Unfortunately, despite all his services to the fatherland Pavel Sudoplatov was arrested on August 21, 1953, as “accomplice of Beria.” He was primarily accused of anti-government conspiracy. During the investigation of the case he feigned insanity and was kept in a psychiatric hospital in Leningrad until 1958.
However, this did not help Sudoplatov, and the legendary spy was sentenced to 15 years in prison for “aiding and abetting” Lavrenty Beria, “preparation of a coup d'etat,” “kidnapping and murder,” and “experiments on people.” It should be noted that Sudoplatov never pleaded guilty. The legendary spy served his sentence in a prison in Vladimir, where he went blind in one eye, suffered three heart attacks and was disabled.

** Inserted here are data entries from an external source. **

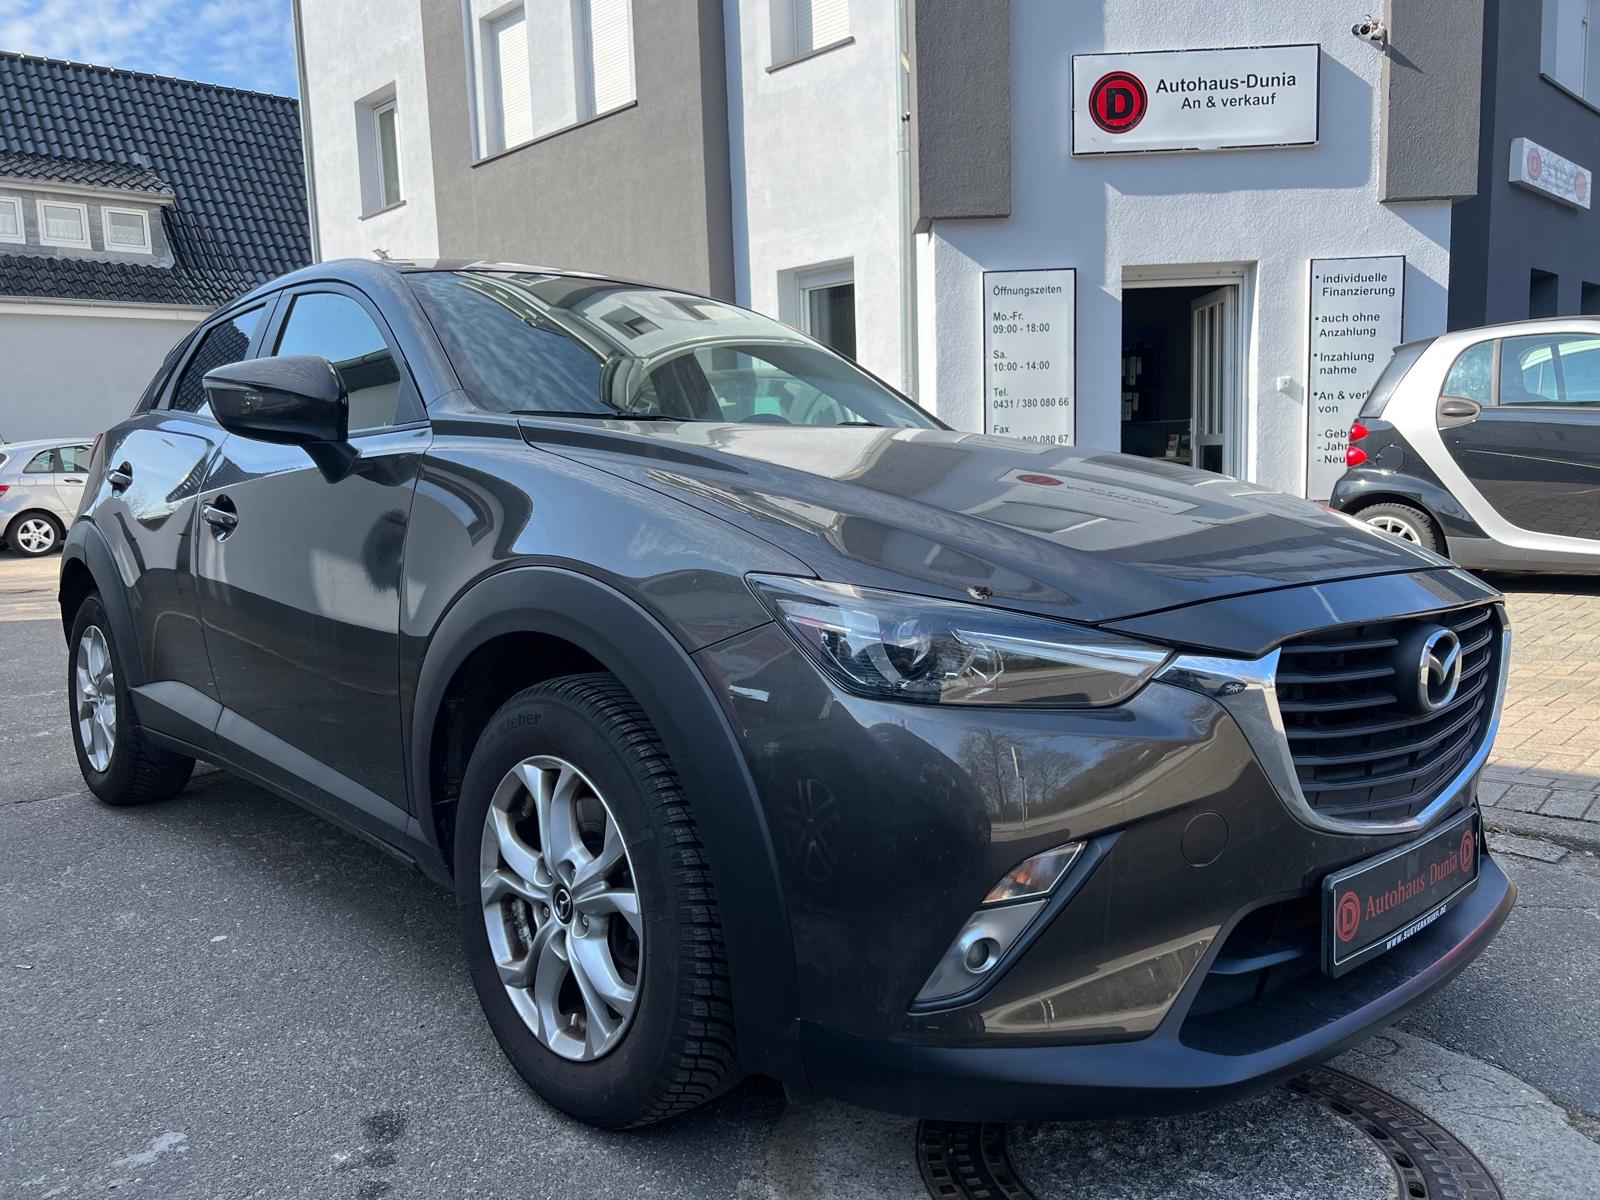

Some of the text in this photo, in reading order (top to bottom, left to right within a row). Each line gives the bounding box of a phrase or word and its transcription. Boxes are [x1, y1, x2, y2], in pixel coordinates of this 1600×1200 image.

[1156, 72, 1296, 93] Autohaus-Dunia
[1181, 92, 1276, 110] An & verkauf
[1322, 273, 1387, 284] individuelle
[993, 285, 1062, 297] Öffnungszeiten
[1322, 286, 1395, 298] Finanzierung
[993, 311, 1024, 321] Mo.-Fr.
[1321, 312, 1380, 323] auch ohne
[993, 324, 1017, 334] 09:00
[1026, 323, 1050, 333] 18:00
[1319, 327, 1377, 338] Anzahlung
[993, 350, 1007, 359] Sa.
[1320, 352, 1375, 363] Inzahlung
[993, 362, 1017, 372] 10:00
[1026, 361, 1050, 371] 14:00
[1319, 365, 1357, 375] nahme
[993, 387, 1008, 397] Tel.
[1318, 391, 1334, 401] An
[1337, 390, 1346, 400] &
[993, 400, 1014, 409] 0431
[1022, 398, 1038, 408] 380
[1040, 398, 1056, 407] 080
[1058, 397, 1069, 407] 66
[1318, 404, 1338, 414] von
[993, 424, 1010, 434] Fax
[1058, 434, 1069, 444] 67
[1365, 874, 1426, 920] Autohaus
[1429, 852, 1458, 886] Dunia
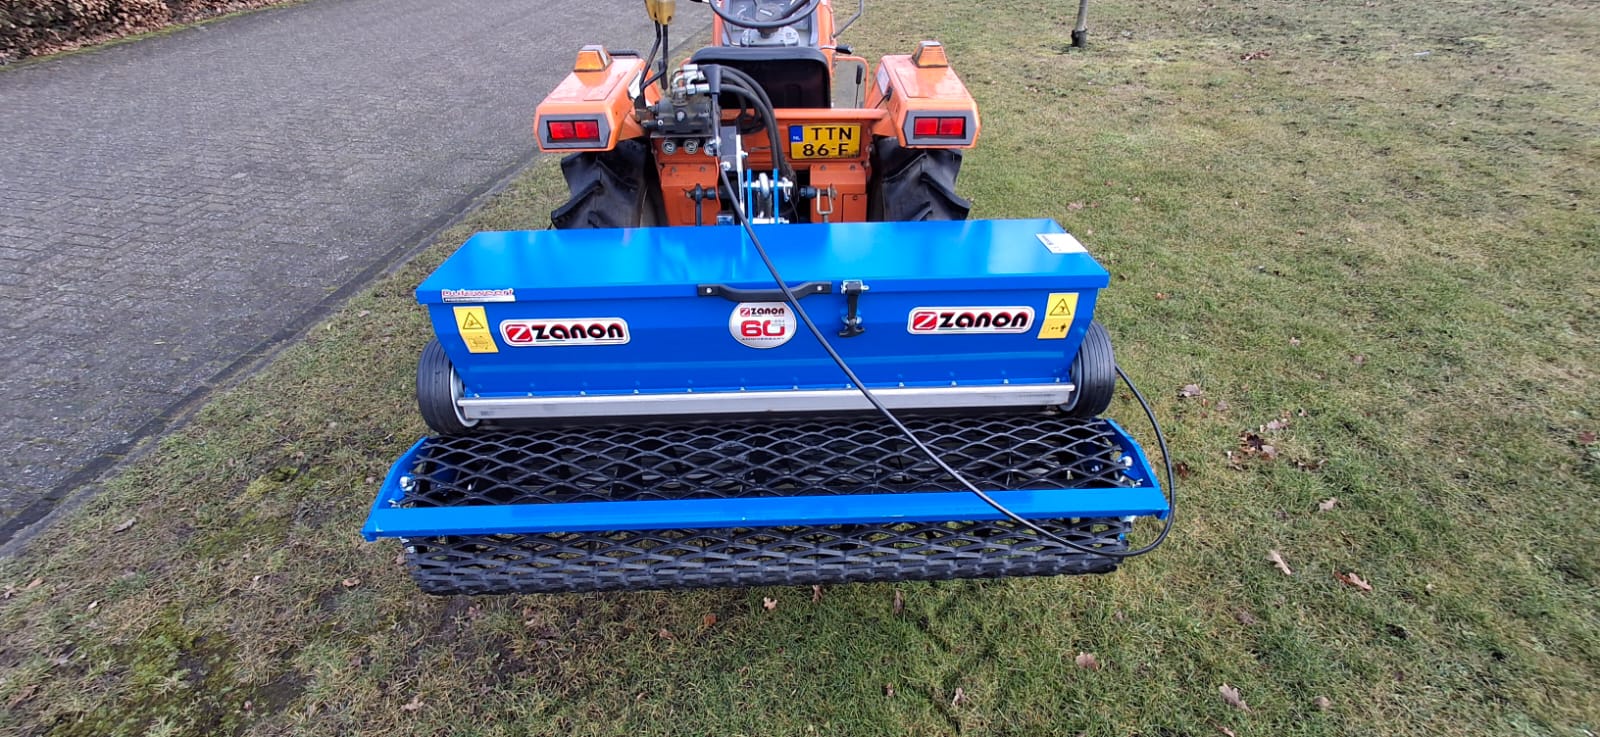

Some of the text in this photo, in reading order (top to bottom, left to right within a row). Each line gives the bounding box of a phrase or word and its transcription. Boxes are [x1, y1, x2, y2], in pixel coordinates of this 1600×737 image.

[811, 127, 852, 140] TTN
[803, 143, 849, 156] 86-F
[741, 319, 785, 337] 60

Returning to Moscow in 1968 from prison, he wrote three books about his professional activities under the penname Anatoly Andreev. Shortly before his death, in 1996, he published a book of memoirs. He had to fight for his justification, which he received only in 1992, for more than 20 years. Even today Pavel Sudoplatov received the honorary nickname ‘Stalin's Terminator’ for his successful special operations to eliminate the enemies of the Soviet Union.
Pavel Sudoplatov was a man of unusual, rare and dramatic fate. He played one of the most significant roles in the activities of domestic foreign intelligence. As he himself wrote in his book, he managed to survive due to “a bizarre combination of circumstances and undoubted luck.” The legendary Soviet spy died Sept. 24, 1996, in Moscow at the age of 89. He is buried at the Donskoye Cemetery in the Russian capital.

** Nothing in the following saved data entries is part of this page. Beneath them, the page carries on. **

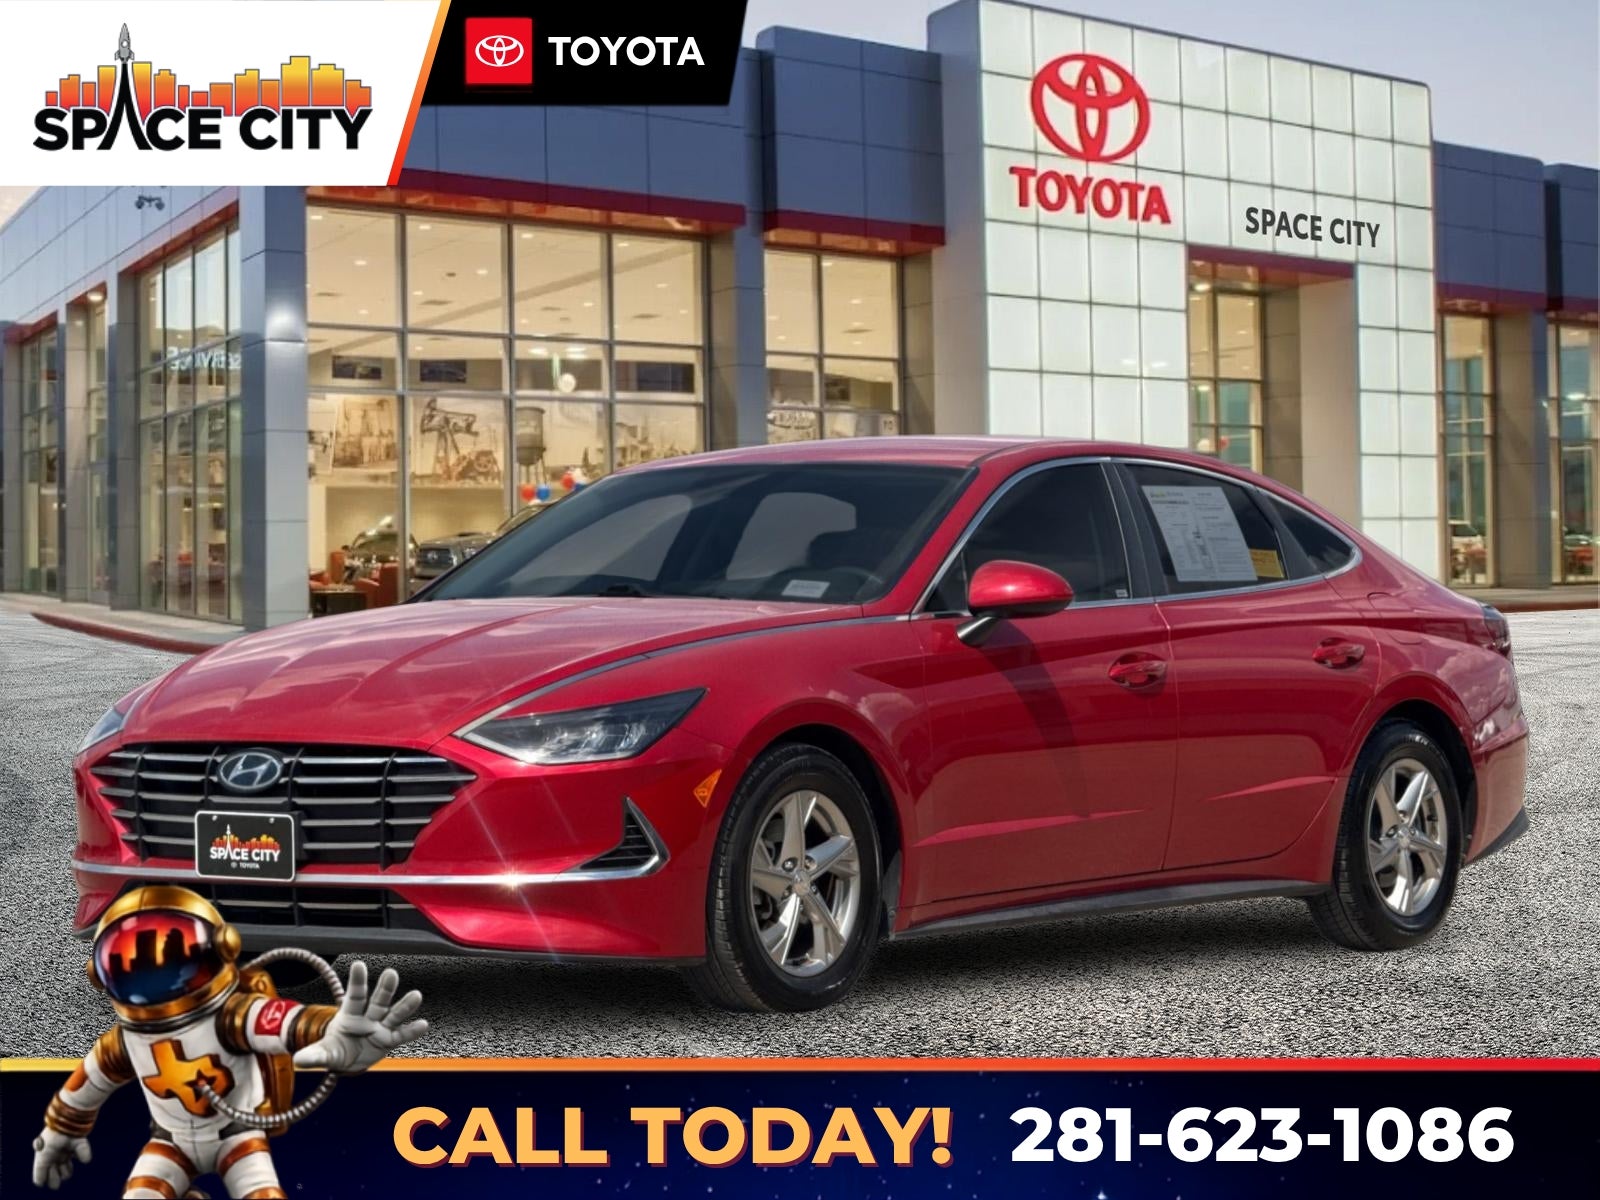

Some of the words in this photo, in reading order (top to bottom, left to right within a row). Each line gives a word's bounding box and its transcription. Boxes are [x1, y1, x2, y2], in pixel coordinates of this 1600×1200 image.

[1009, 166, 1171, 224] TOYOTA
[1245, 207, 1322, 241] SPACE
[1330, 217, 1381, 248] CITY
[210, 846, 249, 861] SPACE
[251, 849, 281, 862] CITY

The day before memorial bust, timed to the 115th anniversary of the birth of Pavel Sudoplatov, a famous native of this city, was unveiled in Melitopol. This was done as part of a program of the Russian Military Historical Society to preserve the memory of outstanding countrymen.
The opening ceremony of the bust was attended by the head of the civil-military administration of Zaporizhzhia region Evgeny Balitsky. “Today, historical justice has been done. No Bandera and Shukhevich will desecrate our streets. There will be monuments to real heroes, to people who liberated our city. If not for Sudoplatov, we would not be here today. We owe these people everything we have.”